The Augmented Doctor
When I think of doctors, I will admit that one of the first images that comes to my mind is that of Dr Gregory House. No, not really in terms of bedside manner, but more in terms of his problem-solving skills. For a long time, he impressed me with his dedication, even at the eleventh hour. He could easily find connections between previous cases, go through a patient’s history quickly but also meticulously, tirelessly keep on looking for any abnormalities…Well, Dr House is not a real person. I am not a doctor myself but I can imagine that productively going through a similar kind of problem-solving process day after day (at the beginning of a shift, at the end of long hours) must require an incredible amount of energy, skill and dedication. All while time is of the essence. Hats off to doctors, nurses and all other medical staff. Truly.
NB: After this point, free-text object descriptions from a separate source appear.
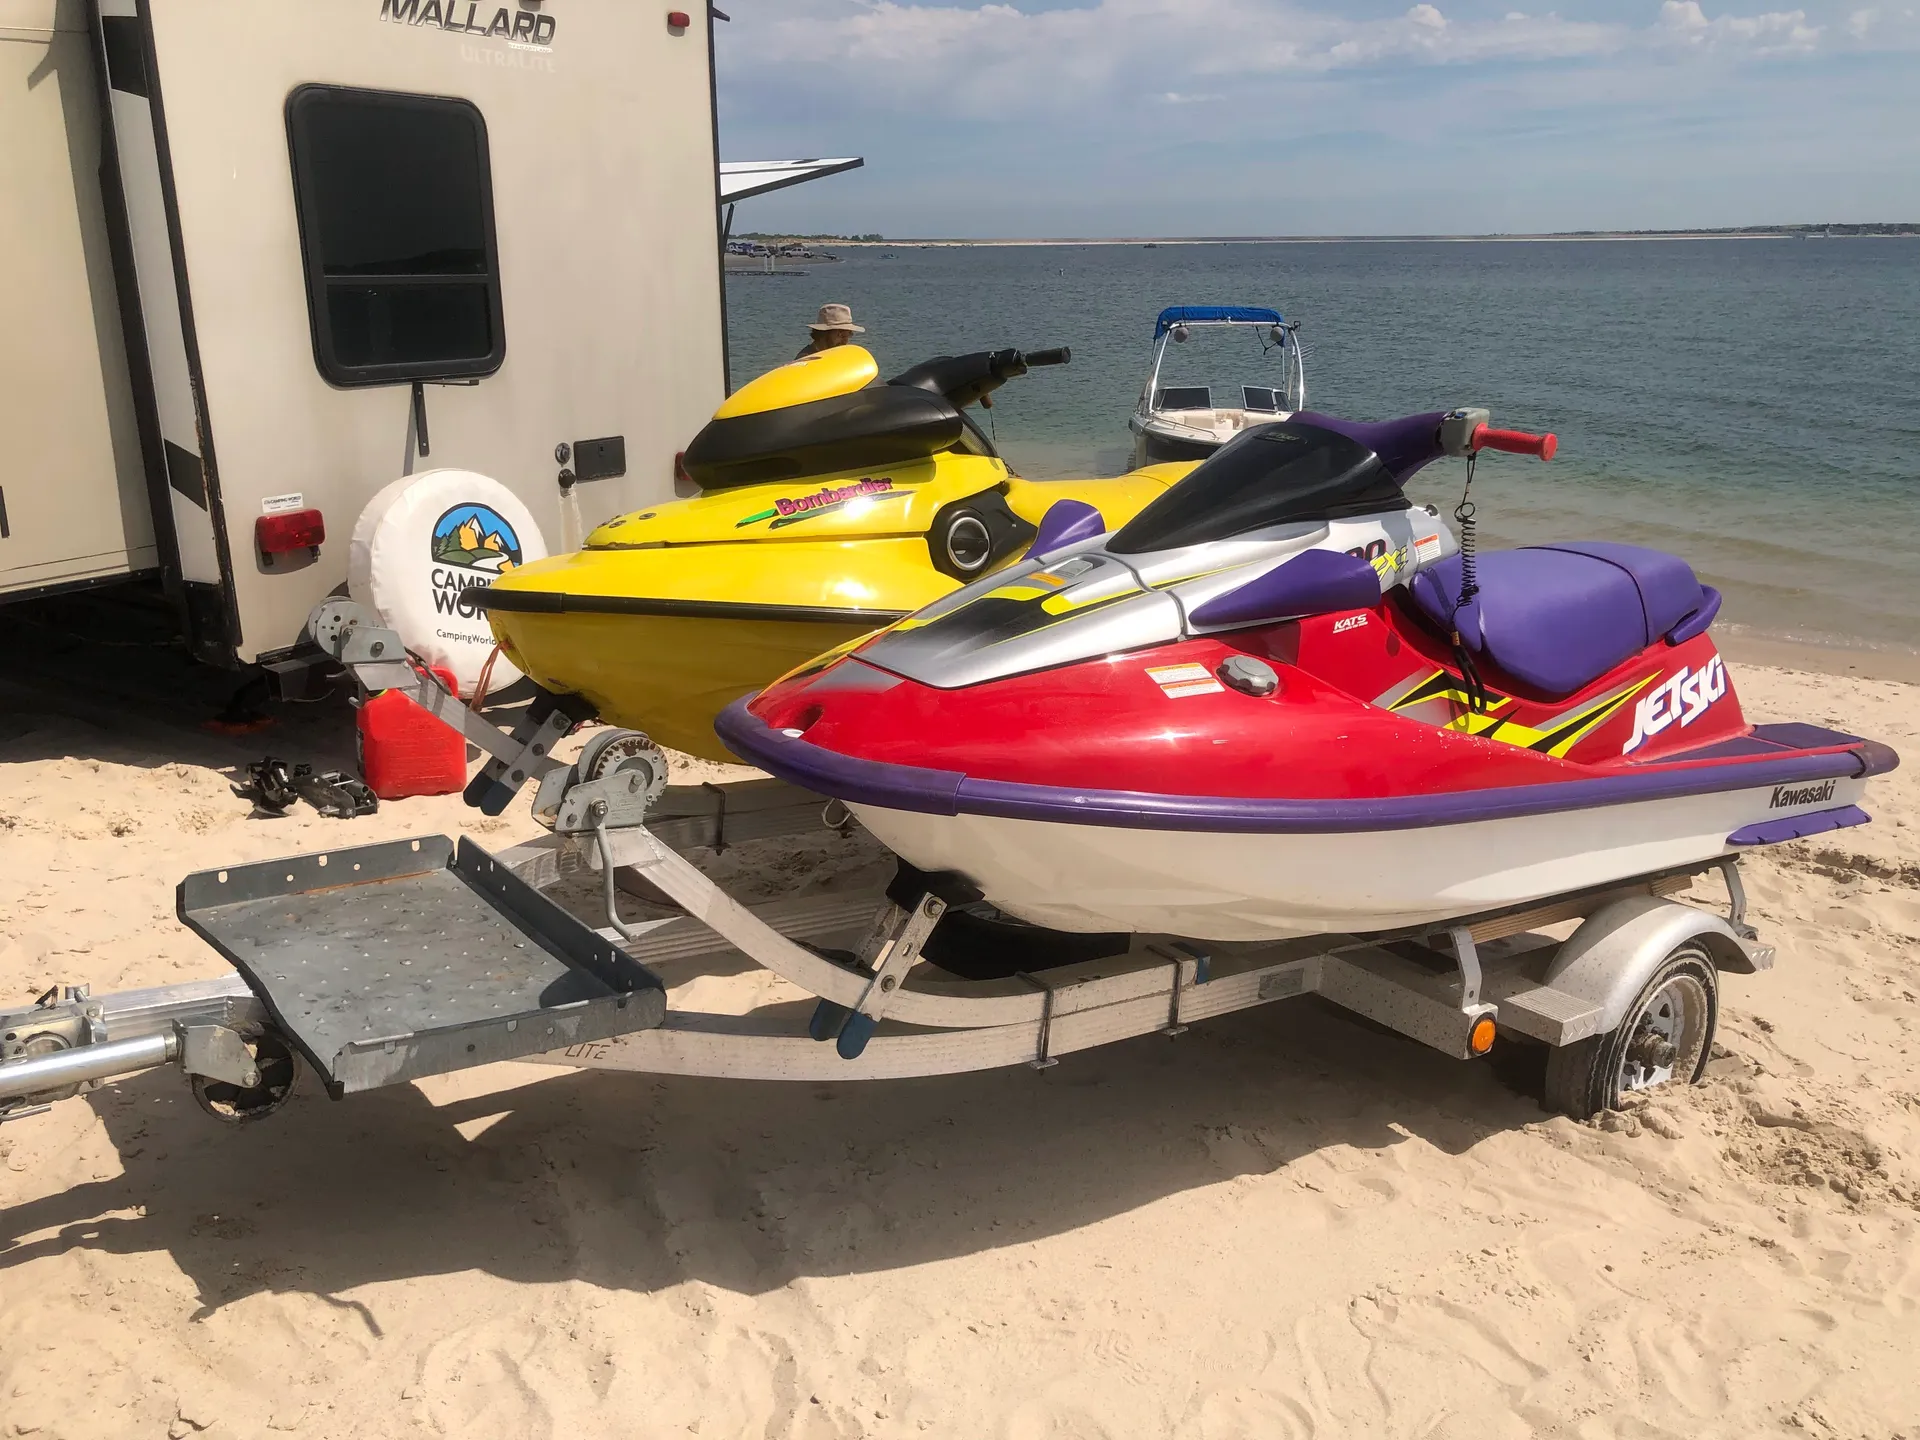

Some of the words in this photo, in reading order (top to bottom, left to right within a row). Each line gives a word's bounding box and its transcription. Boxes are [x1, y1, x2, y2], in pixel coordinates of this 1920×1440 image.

[379, 0, 557, 46] MALLARD
[775, 477, 894, 517] Bombardier
[1334, 613, 1368, 631] KATS
[1768, 780, 1837, 809] Kawasaki
[564, 1043, 612, 1060] LITE
What if help could be provided? There are many steps that go from patient admittance to discharge: can any of these steps be facilitated by technology?
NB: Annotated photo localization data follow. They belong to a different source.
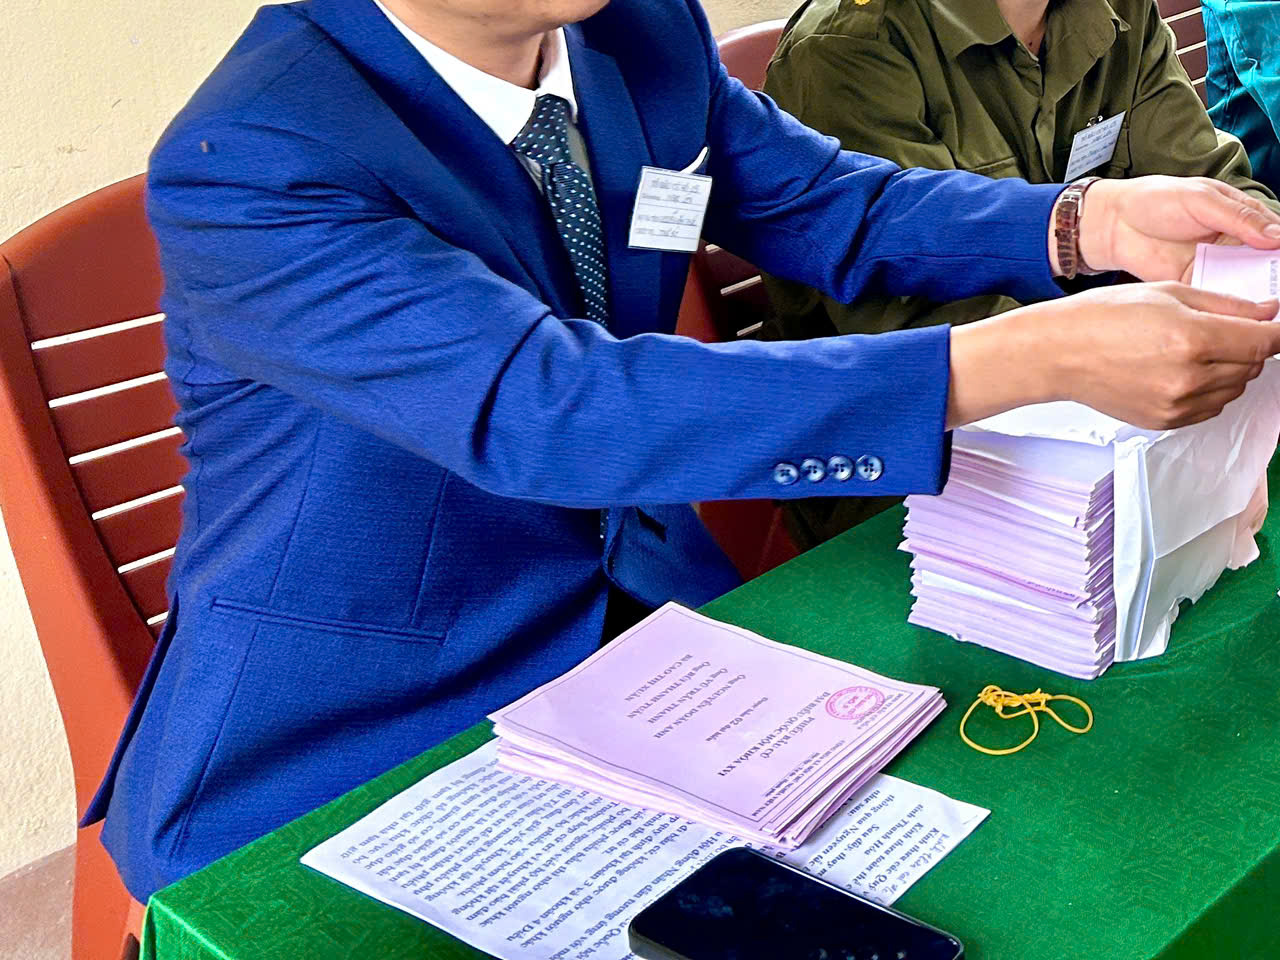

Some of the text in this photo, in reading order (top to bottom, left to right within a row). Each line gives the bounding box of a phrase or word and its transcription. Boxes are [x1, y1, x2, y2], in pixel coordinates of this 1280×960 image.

[662, 661, 682, 675] CAO
[691, 660, 711, 672] Ông
[709, 667, 728, 678] Ông
[646, 674, 666, 685] THỊ
[726, 673, 746, 685] Ông
[623, 684, 650, 701] XUÂN
[649, 681, 682, 702] THANH
[696, 684, 731, 709] NGUYỄN
[647, 702, 679, 723] THANH
[728, 716, 743, 725] 02
[653, 724, 673, 738] ANH
[773, 715, 798, 734] QUỐC
[757, 733, 776, 746] HỘI
[759, 716, 815, 759] PHIẾU BẦU CỬ
[732, 745, 760, 763] KHÓA
[717, 764, 736, 776] XVI
[615, 806, 631, 816] bỏ
[846, 789, 880, 816] như sau:
[869, 793, 895, 813] thông
[855, 811, 872, 825] qua
[651, 822, 670, 835] quy
[881, 818, 909, 839] Thanh
[412, 788, 571, 895] thì Tổ bầu cử mang hòm phiếu phụ
[423, 789, 590, 901] tri ốm đau, già yếu, khuyết tật không
[560, 832, 589, 853] người
[601, 845, 618, 854] tri.
[615, 836, 629, 846] cử
[630, 834, 653, 850] định
[826, 823, 880, 868] Sau đây, thay
[863, 839, 884, 855] Hóa
[450, 801, 620, 915] Trường hợp cử tri vì khuyết tật không
[456, 804, 592, 896] khác bỏ phiếu vào hòm phiếu.
[618, 849, 633, 859] tại
[852, 821, 924, 886] Kính thưa toàn thể
[867, 826, 940, 891] Kính thưa các Quý
[478, 807, 648, 927] viết được phiếu bầu thì nhờ người khác
[541, 852, 562, 867] viết
[808, 854, 823, 867] tắc
[528, 866, 545, 877] hộ
[589, 858, 622, 880] khoản
[506, 875, 529, 894] phải
[519, 824, 687, 948] đi bầu cử, không được nhờ người khác
[568, 886, 584, 896] và
[582, 879, 593, 887] 3
[488, 892, 510, 906] bảo
[568, 836, 718, 948] Hội đồng Nhân dân tương ứng với
[465, 905, 489, 921] đảm
[539, 895, 572, 919] khoản
[505, 923, 534, 941] Điều
[575, 927, 621, 960] Quốc hội
Enter computer science. Computer scientists look at a problem, examine the information available, and come up with an algorithm to solve that problem. The faster the method, the more accurate the results, well, the happier computer scientists are. And so, naturally, it was only a matter of time before they would have started working on health data! Health informatics, computational medicine, genomic medicine…these are only a few of the fields associated with this emerging and, quite frankly, thriving intersection of medicine, engineering and computer science. The questions computer scientists are trying to answer are diverse. What next step should be taken in treating a critically ill patient for better outcome? Can mobile technology be used to help contact tracing in the fight against Covid-19? Can we create wearable technology that guides a surgeon while his gloved hand holds a scalpel?
Suddenly, the doctor does not work alone. He collaborates with a team of computational scientists, and is aided by machines and algorithms. The future is here, it is already happening! My view of Dr House as the ideal problem-solver–a person staring into nothingness as he bounces a tennis ball off the walls of his office–is perhaps slightly out-of-date.
But still, there is a long way to go. Can we create algorithms that are not biased against one group of individuals? Can we make sure that any data we have reflects the diversity of the population? These are only some of the questions that need to be addressed.